Created on 06 Jul 2026

Authors

Daniela Baboun, Marita Yaghi, Jennifer Keelin, Daniella M Hernandez-Bueso, Valery Fernandez Fernandez, Jonette Keri

Published in

Journal of drugs in dermatology : JDD. Volume 25. Issue 7. Pages 611-614. Jul 01, 2026.

Abstract

Acne vulgaris is common during pregnancy and presents unique therapeutic challenges due to fetal safety considerations and restrictions on conventional acne medications.

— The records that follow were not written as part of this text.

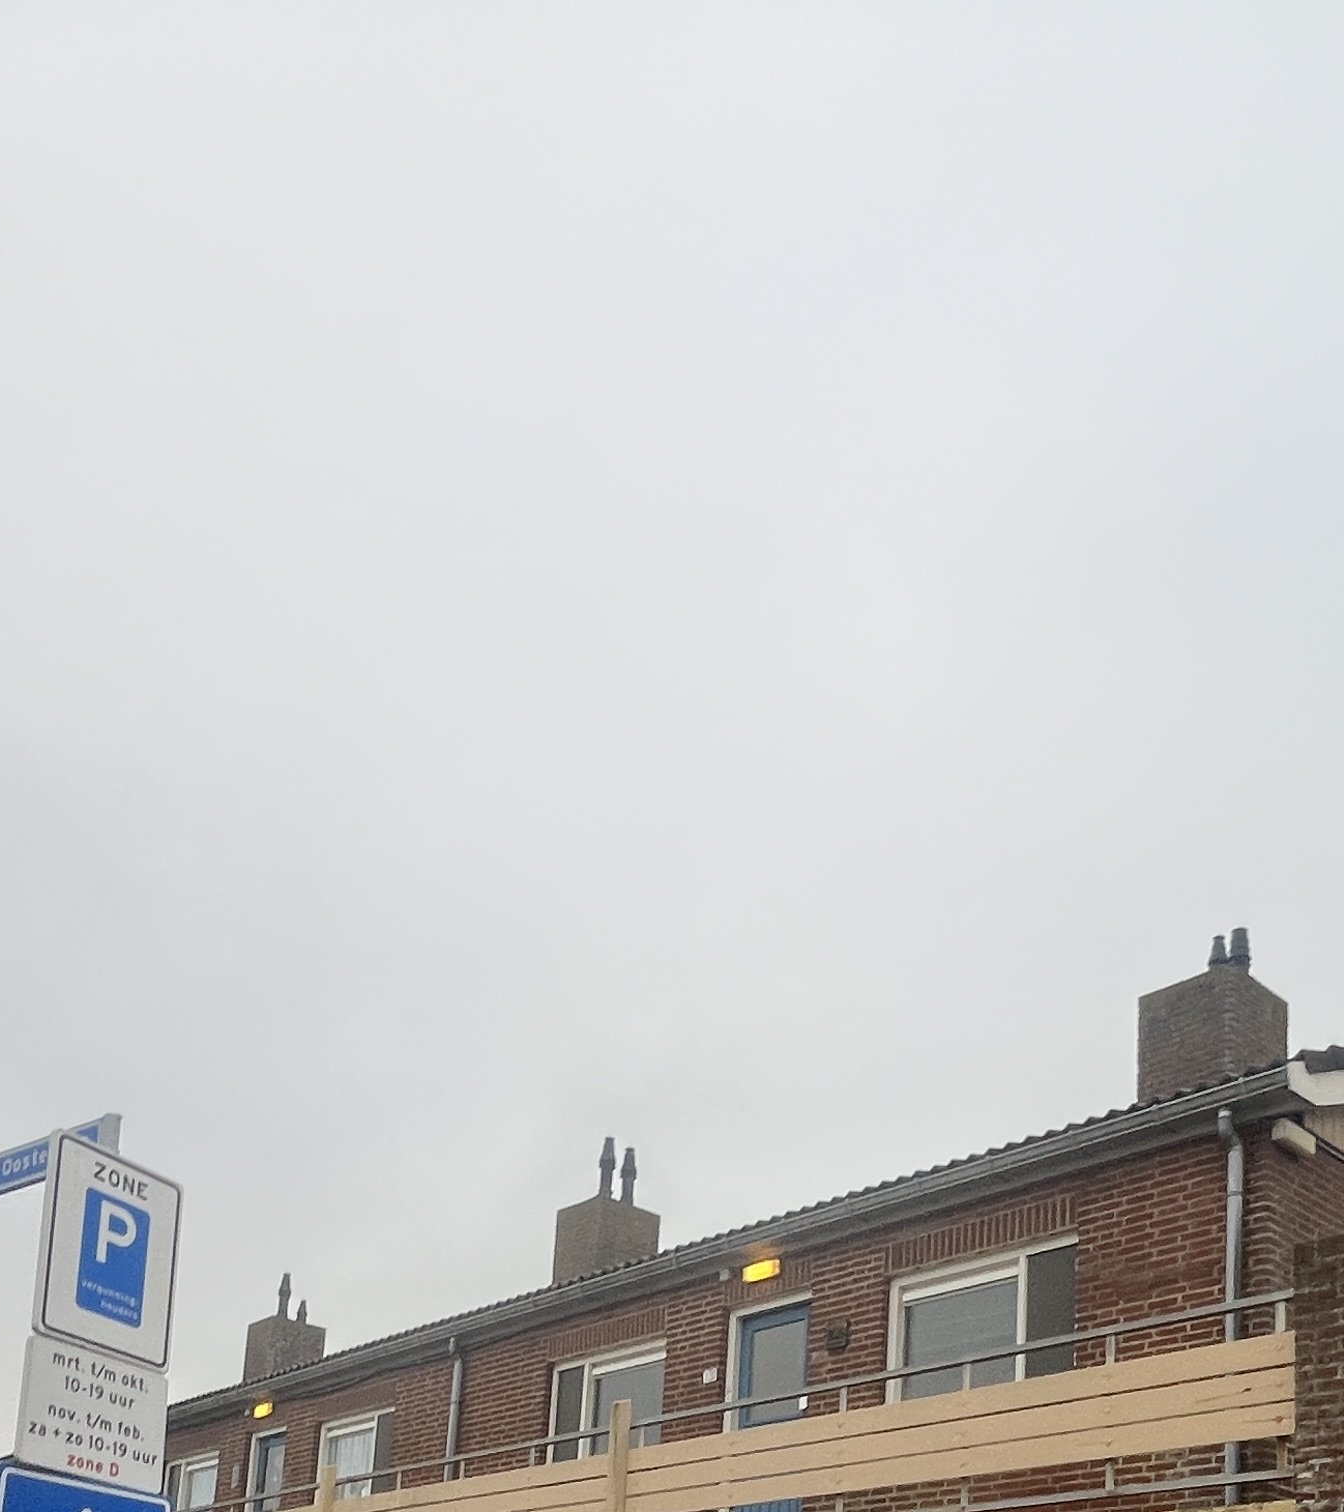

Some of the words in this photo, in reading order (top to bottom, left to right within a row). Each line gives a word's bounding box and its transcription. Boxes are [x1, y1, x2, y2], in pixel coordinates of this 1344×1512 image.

[2, 1149, 48, 1176] Ooste
[94, 1162, 148, 1200] ZONE
[96, 1200, 137, 1264] P
[53, 1352, 85, 1373] mrt.
[91, 1362, 116, 1383] t/m
[122, 1374, 149, 1394] okt.
[64, 1375, 104, 1400] 10-19
[110, 1391, 135, 1410] uur
[48, 1404, 80, 1424] nov.
[87, 1413, 112, 1433] t/m
[118, 1422, 145, 1442] feb.
[28, 1422, 47, 1437] za
[53, 1427, 61, 1438] +
[65, 1432, 83, 1446] zo
[89, 1435, 127, 1458] 10-19
[132, 1449, 158, 1466] uur
[67, 1454, 103, 1473] zone
[109, 1462, 119, 1477] D

Adjunctive strategies that target hormonal and metabolic contributors to acne without teratogenic risk are therefore of particular relevance to dermatologic care.
To review the evidence supporting myo-inositol as an adjunctive option for pregnancy-related acne and contextualize its dermatologic relevance within associated metabolic, endocrine, and psychosocial conditions.
A literature review of randomized controlled trials, systematic reviews, meta-analyses, observational studies, and mechanistic investigations evaluating myo-inositol in acne, polycystic ovary syndrome (PCOS), gestational diabetes mellitus (GDM), preeclampsia, fertility, mental health, sleep, and topical applications was conducted.
Myo-inositol supplementation has been associated with reductions in acne severity, especially in patients with PCOS, along with improvements in insulin sensitivity and key metabolic parameters. In pregnancy, myo-inositol has been linked to reduced incidence of GDM, favorable endothelial and metabolic markers relevant to preeclampsia, and improved reproductive outcomes. Additional evidence suggests benefits for mood and sleep, factors that may indirectly influence acne. Available data support a favorable maternal and fetal safety profile, but evidence for topical myo-inositol in acne remains limited.
Myo-inositol may represent a safe adjunctive option for acne management during pregnancy, particularly in patients with metabolic or hyperandrogenic features. Although acne-specific pregnancy data are limited, existing mechanistic and safety evidence supports its consideration in dermatologic practice when therapeutic options are restricted.

PMID:
42406354
Bibliographic data and abstract were imported from PubMed on 06 Jul 2026.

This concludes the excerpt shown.